Fixes security finding M3: aiohttp.ClientSession in make_p2p_service_client was constructed without an explicit timeout=, so callers silently inherited aiohttp's 5-minute total-timeout default. A hung or malicious P2P daemon could pin a client coroutine for up to 5 minutes per request, enabling trivial resource exhaustion / liveness attacks against client services.

Change

• Added an http_timeout: float = 30.0 parameter to make_p2p_service_client (seconds, total timeout — sane default for control-plane calls like identify / dial).
• Passed timeout=aiohttp.ClientTimeout(total=http_timeout) to the ClientSession constructor.

http_session = aiohttp.ClientSession(
    base_url=f"http://{http_host}:{http_port}/",
    timeout=aiohttp.ClientTimeout(total=http_timeout),
)

Behavior change (heads-up for callers)

This is a default behavior change:

• Before: no timeout= passed -> aiohttp's default of ClientTimeout(total=300) (5 minutes) applied.
• After: ClientTimeout(total=30) (30 seconds) applied.

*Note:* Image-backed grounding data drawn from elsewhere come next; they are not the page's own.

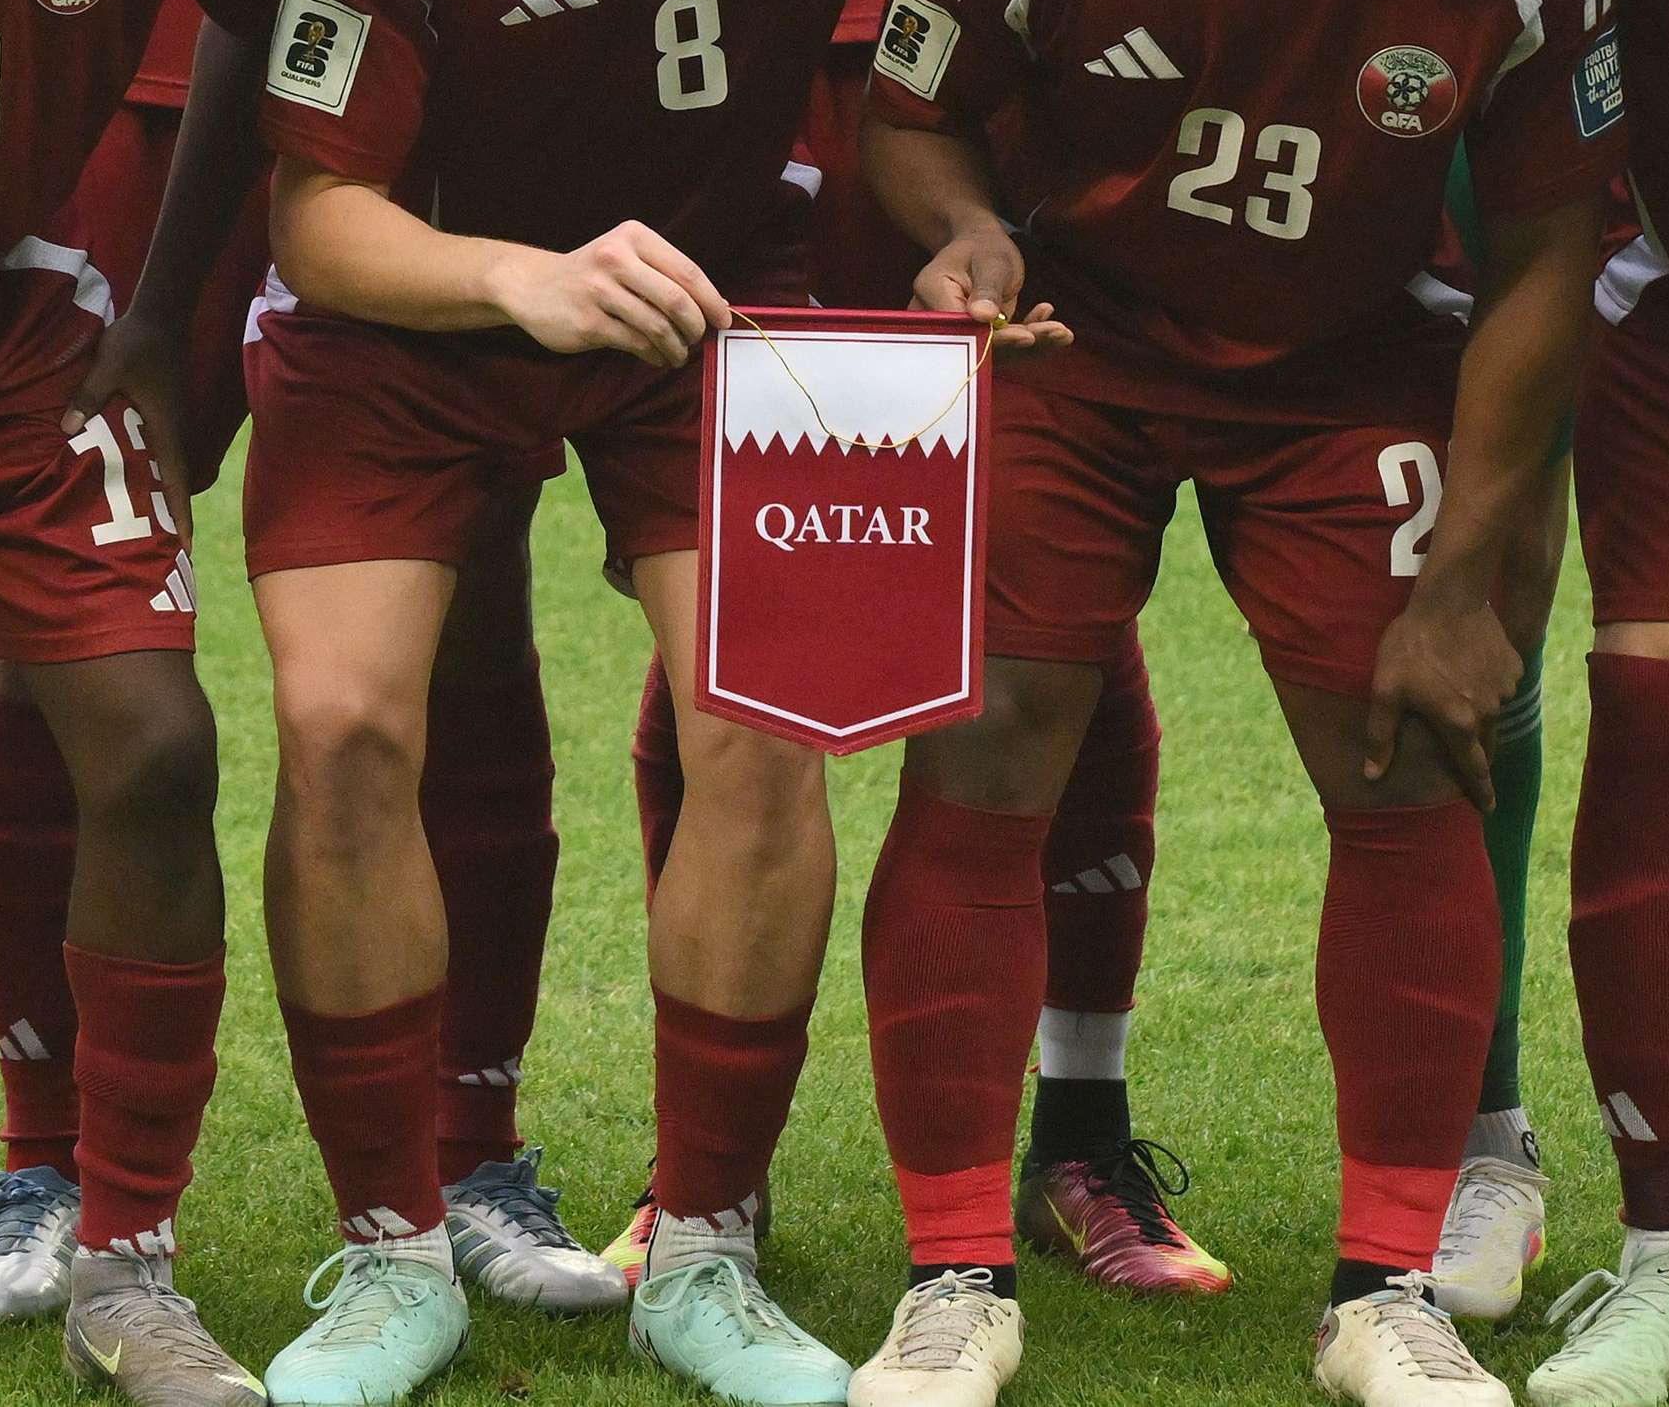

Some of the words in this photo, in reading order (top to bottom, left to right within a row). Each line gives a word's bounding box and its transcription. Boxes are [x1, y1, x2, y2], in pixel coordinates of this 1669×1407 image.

[295, 60, 317, 72] FIFA
[280, 70, 322, 89] QUALIFIERS
[1380, 111, 1423, 132] QFA
[1166, 107, 1322, 241] 23
[754, 502, 934, 552] QATAR
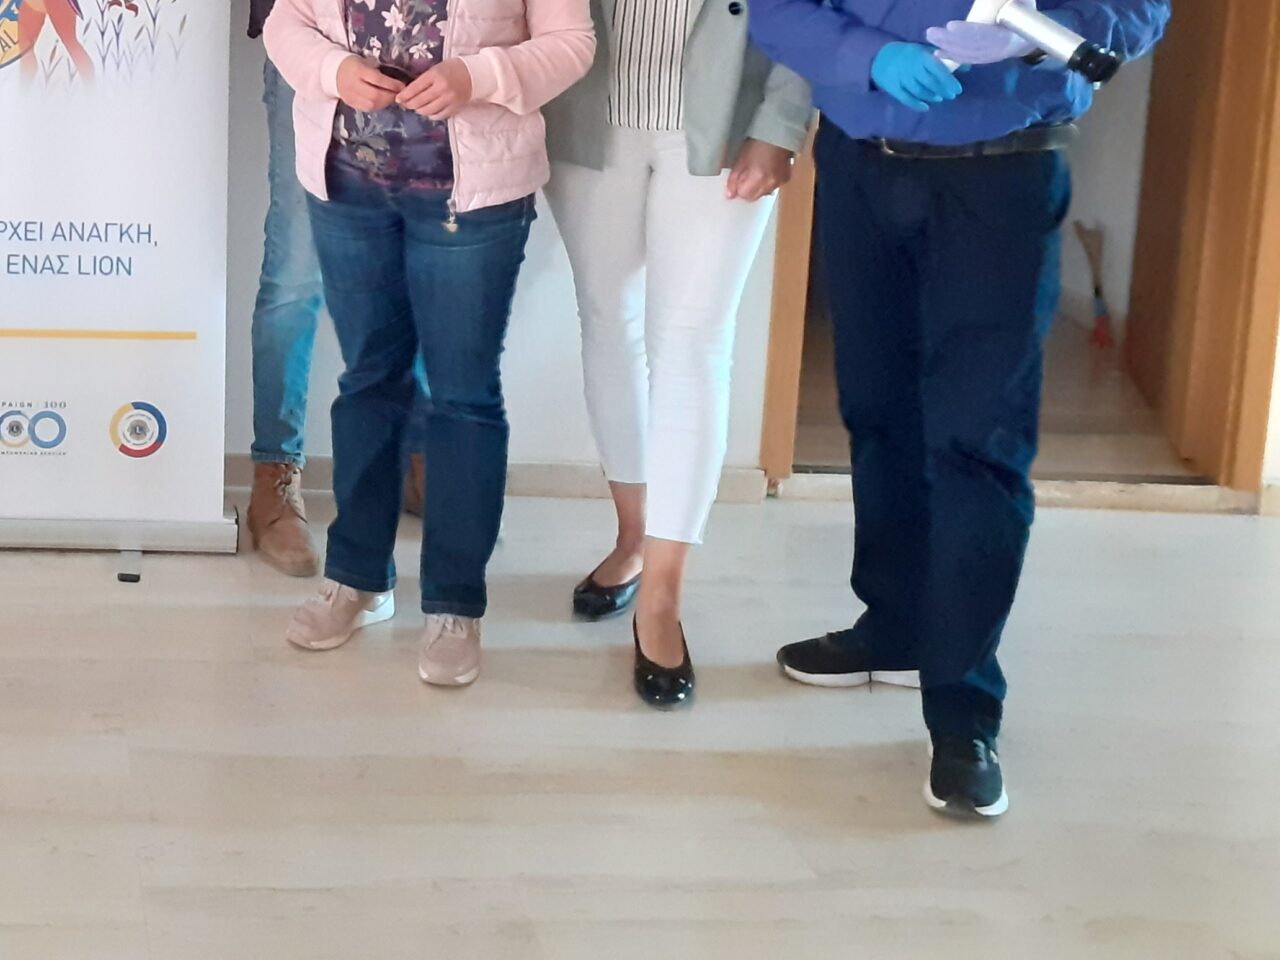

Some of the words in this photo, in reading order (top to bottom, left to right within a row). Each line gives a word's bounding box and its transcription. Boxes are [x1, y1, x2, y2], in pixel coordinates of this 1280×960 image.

[51, 222, 158, 247] ΑΝΑΓΚΗ,
[6, 254, 69, 275] ΕΝΑΣ
[77, 255, 133, 276] LION
[44, 401, 67, 409] 100
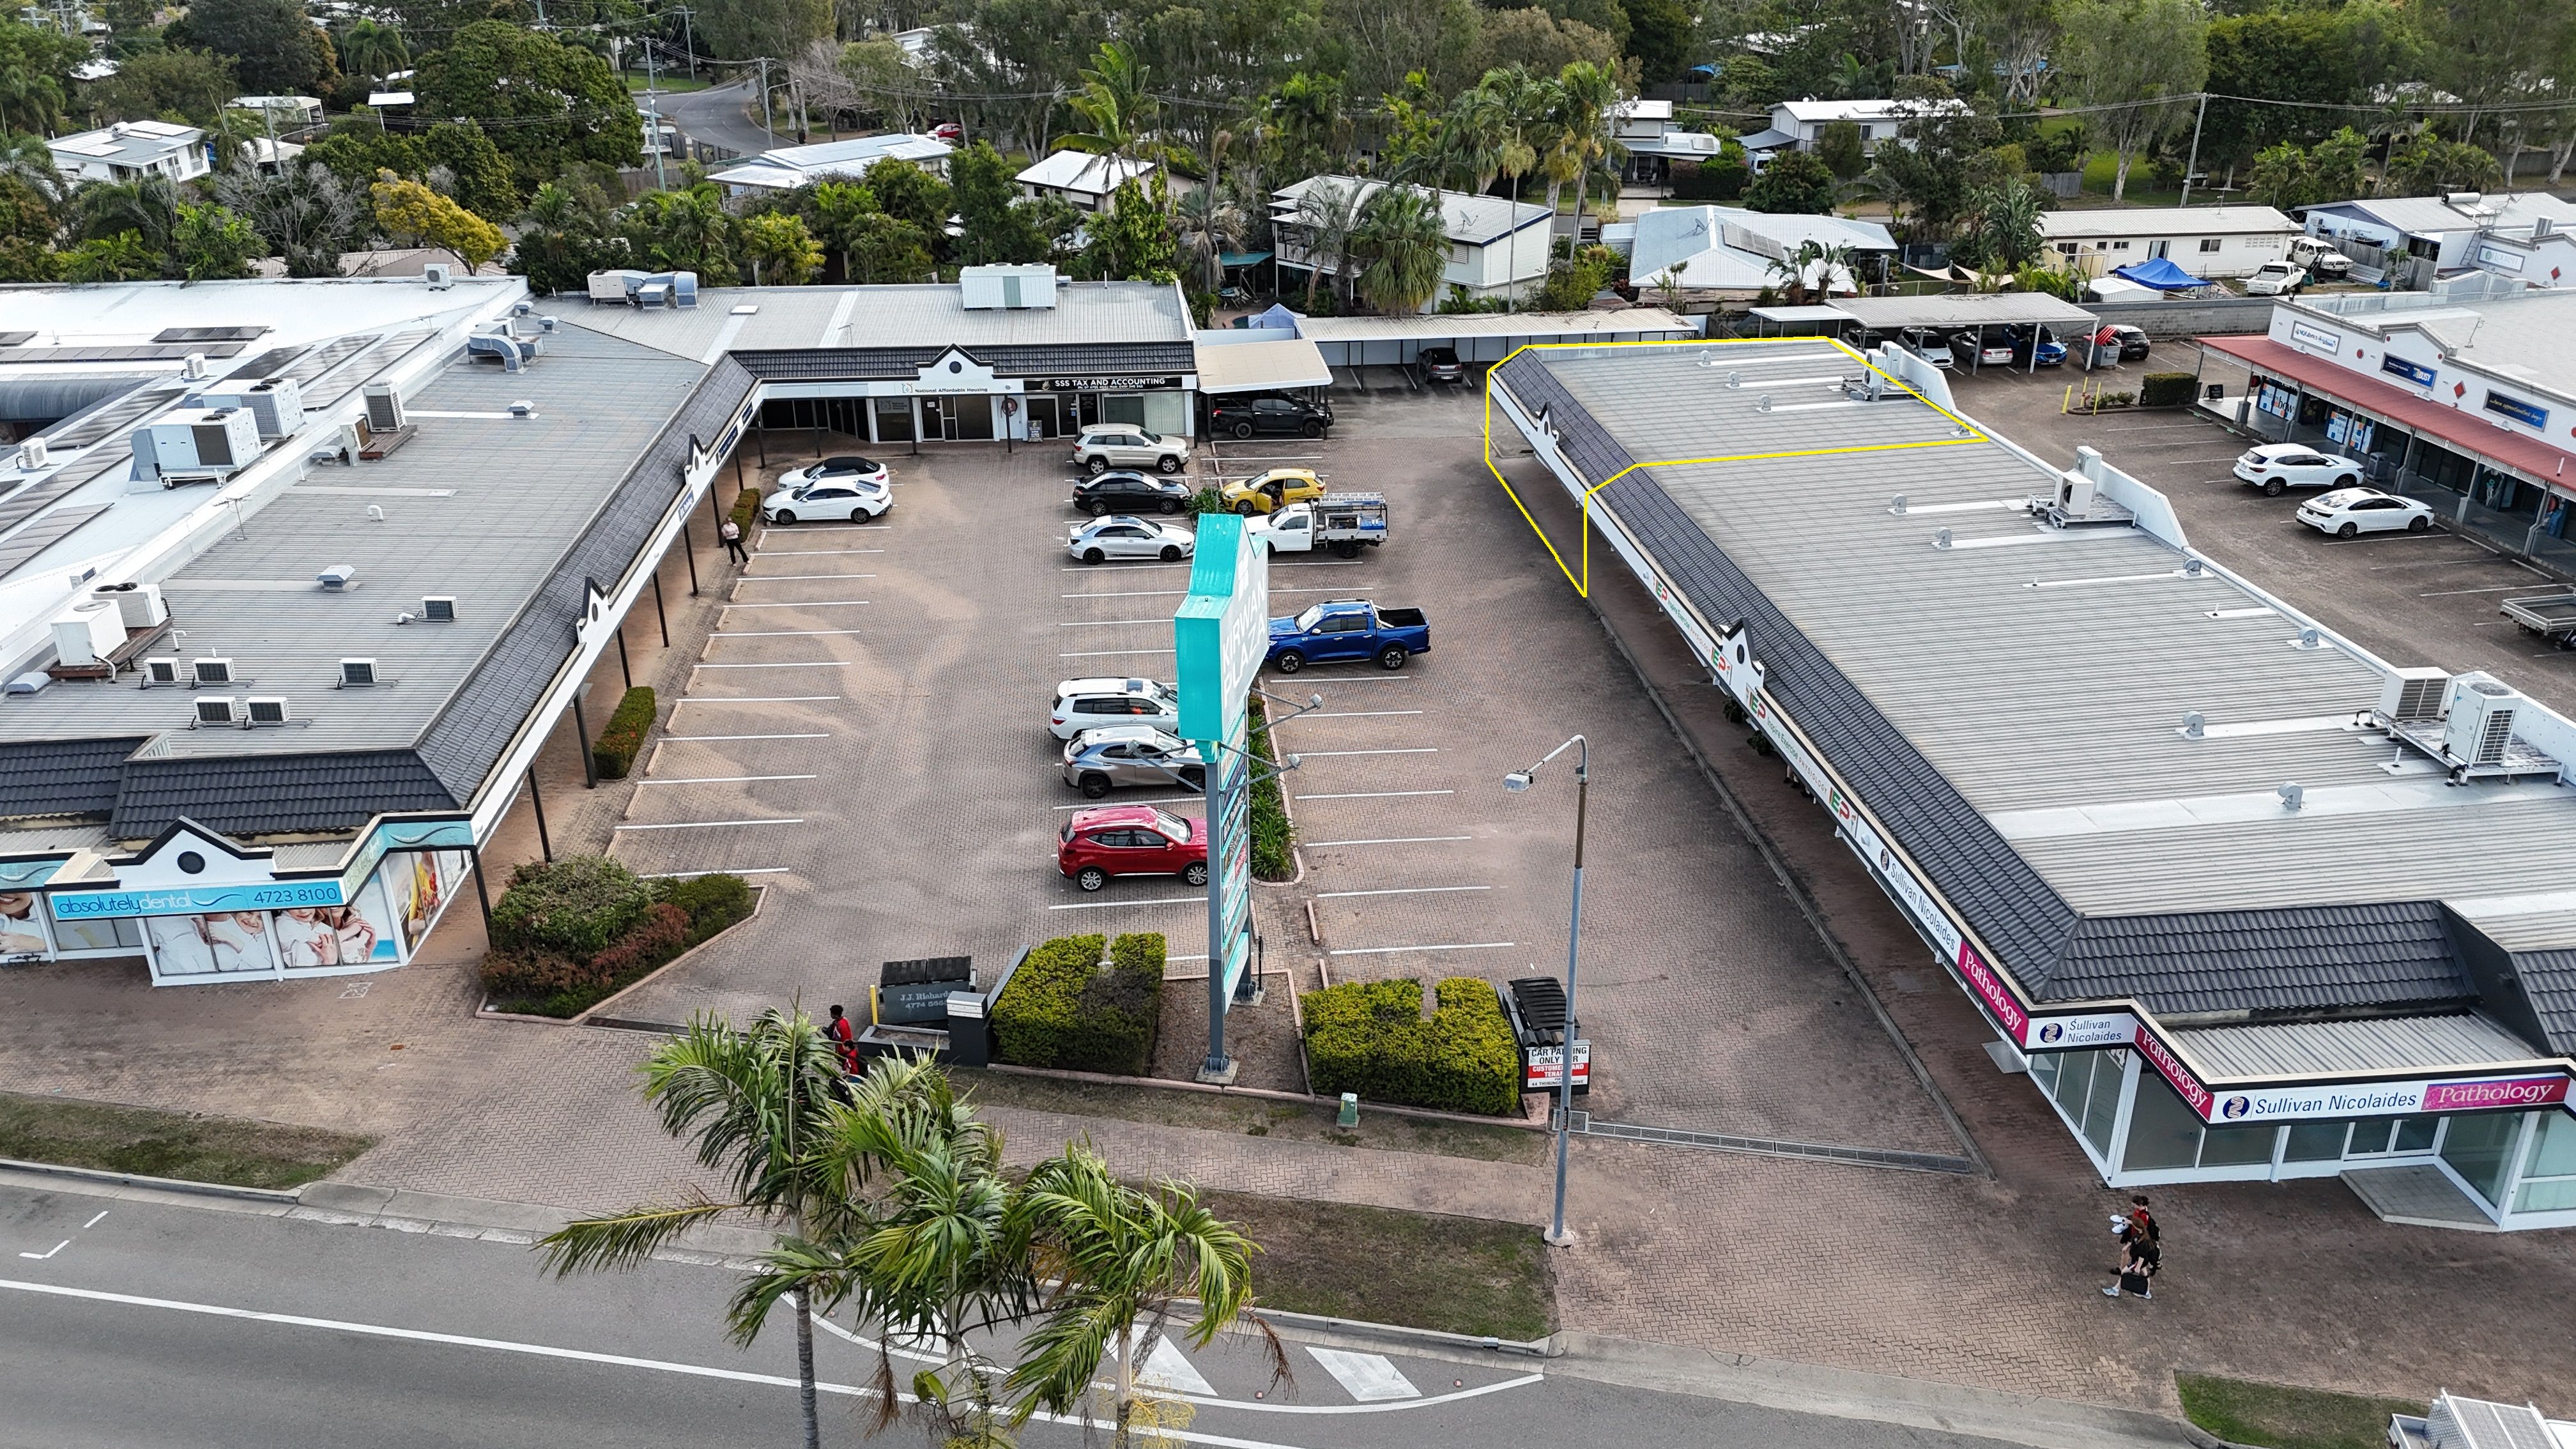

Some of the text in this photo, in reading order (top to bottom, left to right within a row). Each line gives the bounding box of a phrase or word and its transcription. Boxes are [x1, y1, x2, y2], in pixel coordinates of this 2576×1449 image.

[1112, 378, 1165, 386] ACCOUNTING
[1222, 573, 1266, 674] KIRWAN
[1224, 612, 1266, 709] PLAZA
[1767, 717, 1781, 739] Inspire
[1781, 734, 1798, 760] Exercise
[1798, 756, 1828, 794] PHYSIOLOGY
[254, 889, 293, 904] 4723
[298, 887, 337, 902] 8100
[1890, 864, 2022, 1031] Sullivan Nicolaides Pathology
[2067, 1031, 2122, 1043] Nicolaides
[2069, 1020, 2111, 1031] Sullivan
[1531, 1047, 1587, 1057] CAR PAING
[1539, 1056, 1560, 1064] ONLY
[2143, 1031, 2208, 1108] Pathology
[2255, 1084, 2555, 1114] Sullivan Nicolaides Pathology

Callers that legitimately need longer HTTP calls can override at construction time:

client = await make_p2p_service_client(
    service_name="my-service",
    http_timeout=120.0,  # seconds
)

To preserve the previous behavior exactly, pass http_timeout=300.0.

Out of scope

• No timeouts changed on the aio_pika / RabbitMQ side — message-queue connections have their own heartbeat/timeout semantics and are handled separately.
• No TLS or credential changes.

Test plan

• make_p2p_service_client(...) still works with no http_timeout argument (uses 30s).
• Passing http_timeout=... is honored by the resulting ClientSession.
• A non-responsive HTTP server causes identify() / dial() to raise asyncio.TimeoutError (or aiohttp equivalent) after ~30s instead of ~300s.